[WORK INSTRUCTIONS]:
With every picture left out, restate the listing below exactly as written.

BEGIN

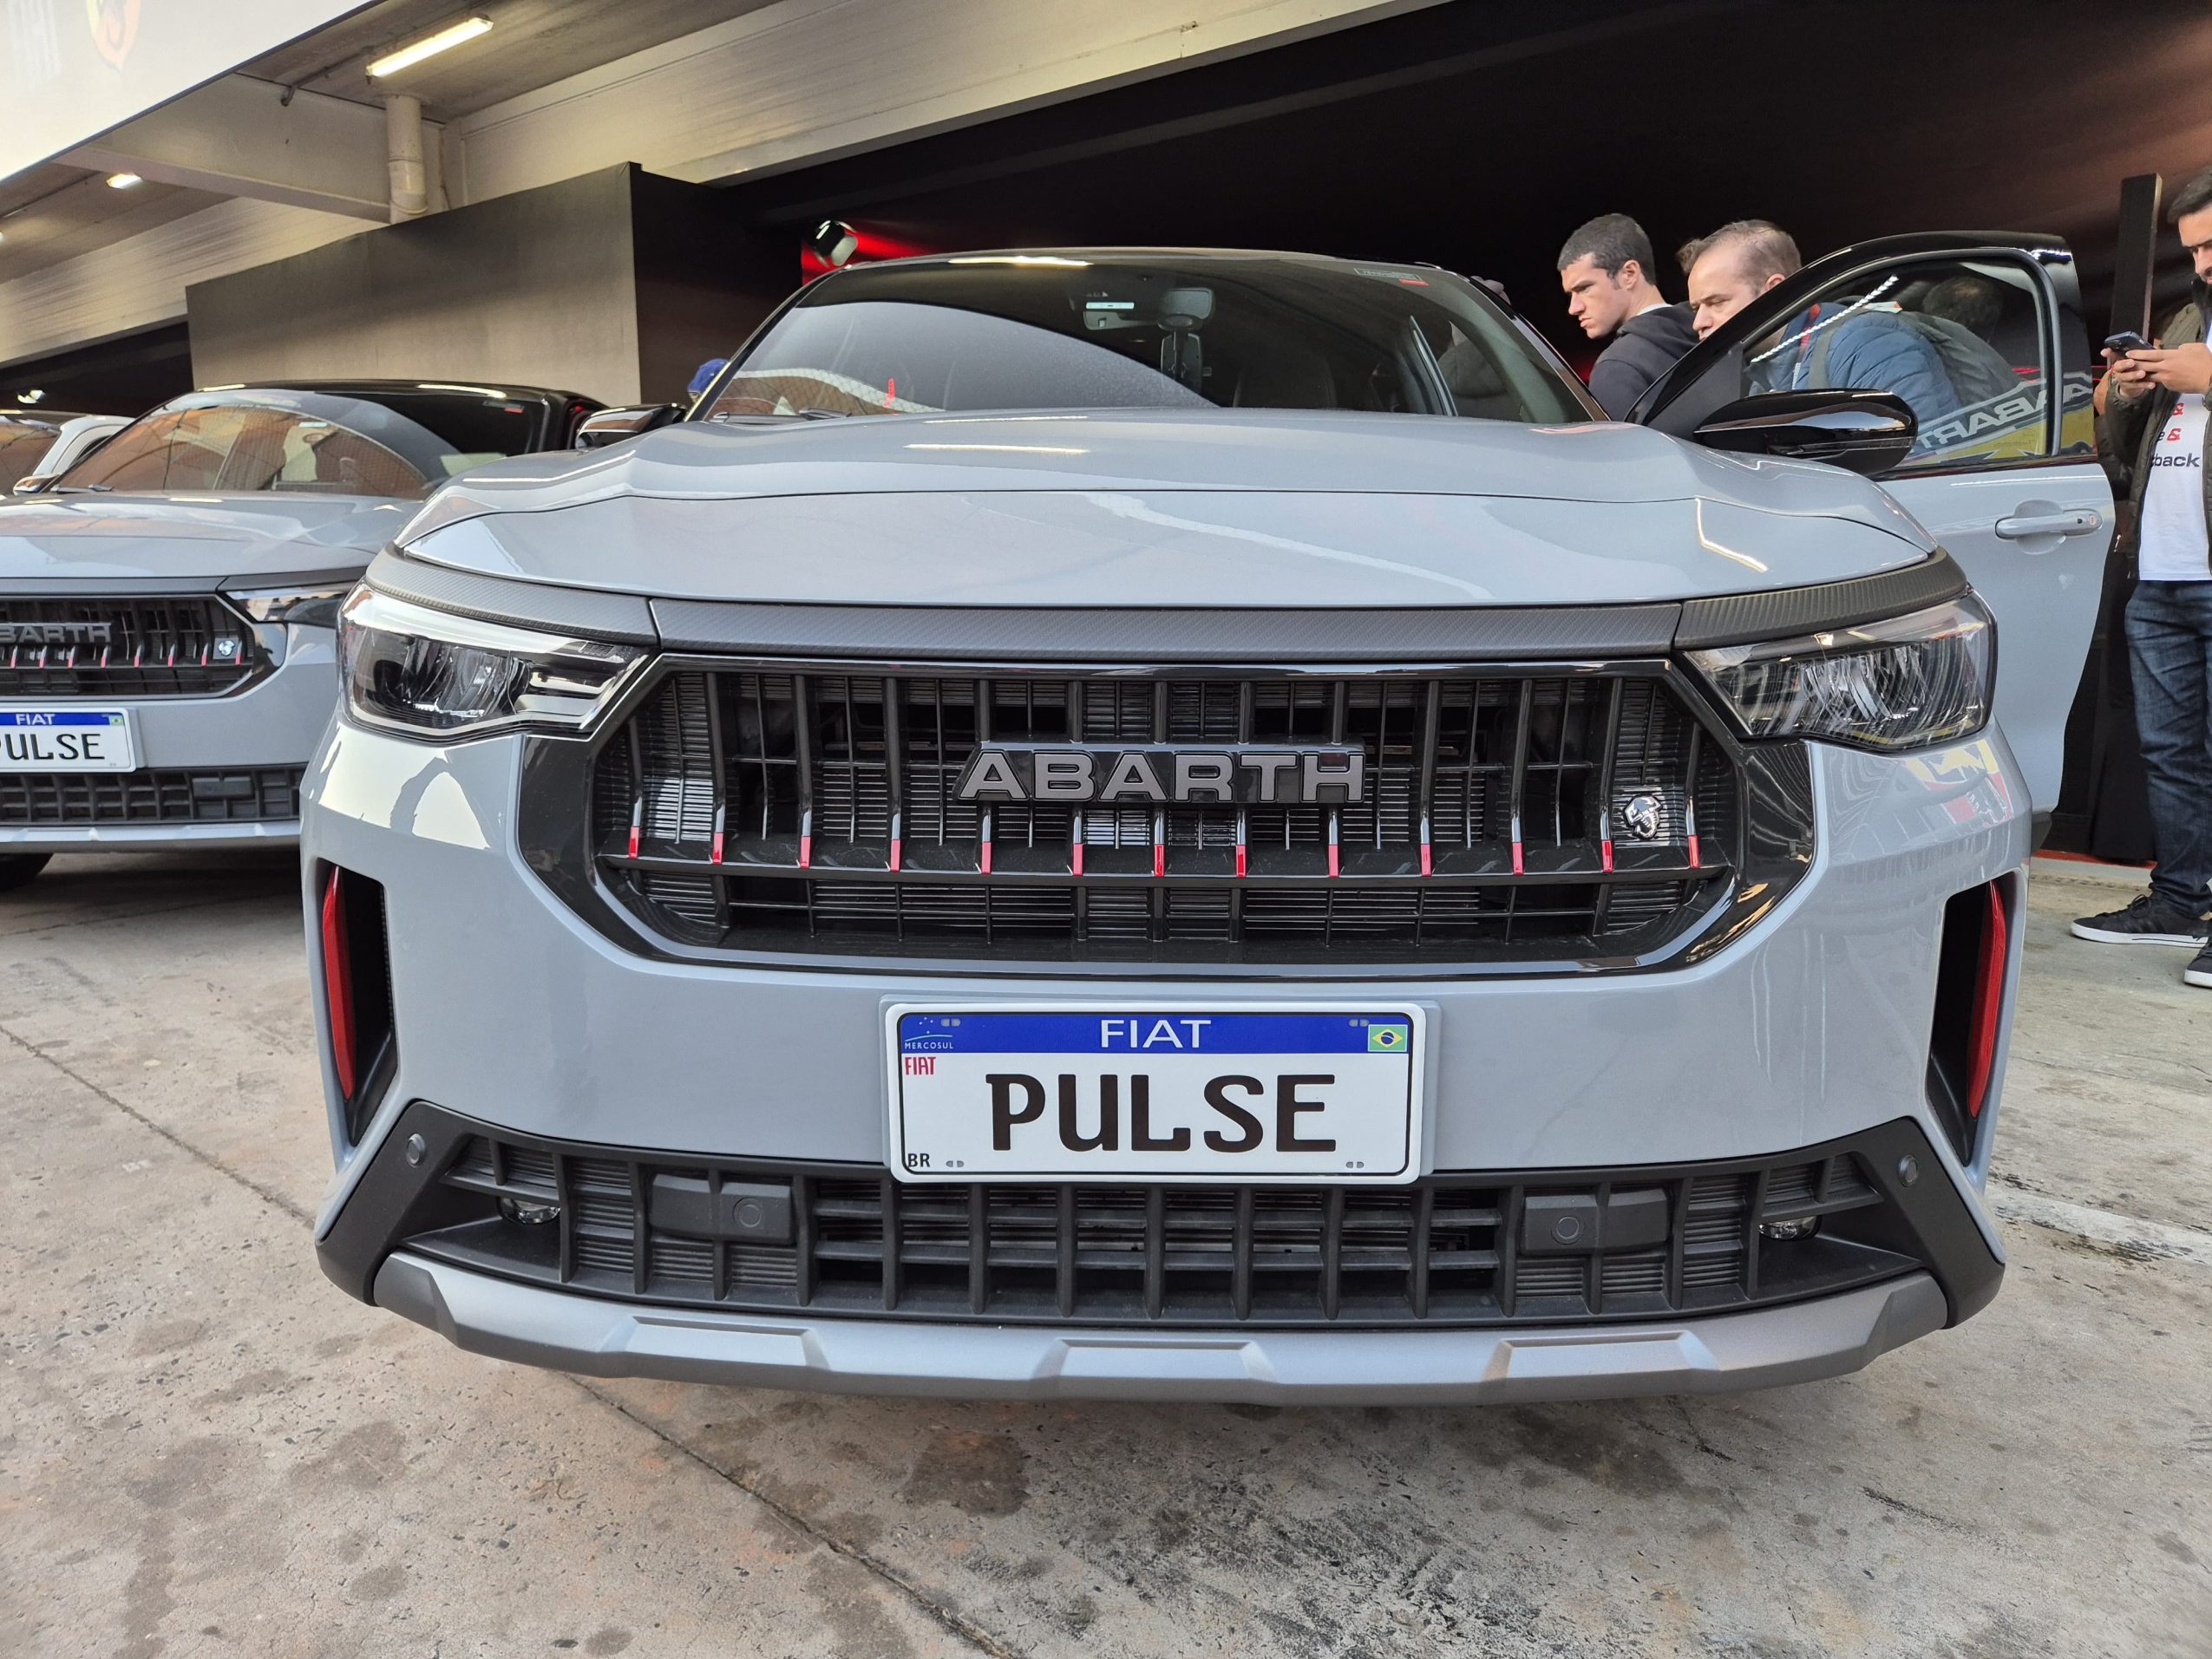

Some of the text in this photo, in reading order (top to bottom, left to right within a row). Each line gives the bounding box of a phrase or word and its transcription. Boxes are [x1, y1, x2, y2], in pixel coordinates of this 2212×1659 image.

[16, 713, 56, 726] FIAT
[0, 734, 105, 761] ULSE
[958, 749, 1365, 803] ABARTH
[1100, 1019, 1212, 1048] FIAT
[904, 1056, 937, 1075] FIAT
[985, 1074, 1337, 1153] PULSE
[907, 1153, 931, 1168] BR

END

[SOLVED PROBLEM]:
Some of the text in this photo, in reading order (top to bottom, left to right within a row). Each line gives the bounding box of a phrase or word and its transcription. Boxes are [x1, y1, x2, y2], in pixel coordinates of this 2212×1659 image.

[16, 713, 56, 726] FIAT
[0, 734, 105, 761] ULSE
[958, 749, 1365, 803] ABARTH
[1100, 1019, 1212, 1048] FIAT
[904, 1056, 937, 1075] FIAT
[985, 1074, 1337, 1153] PULSE
[907, 1153, 931, 1168] BR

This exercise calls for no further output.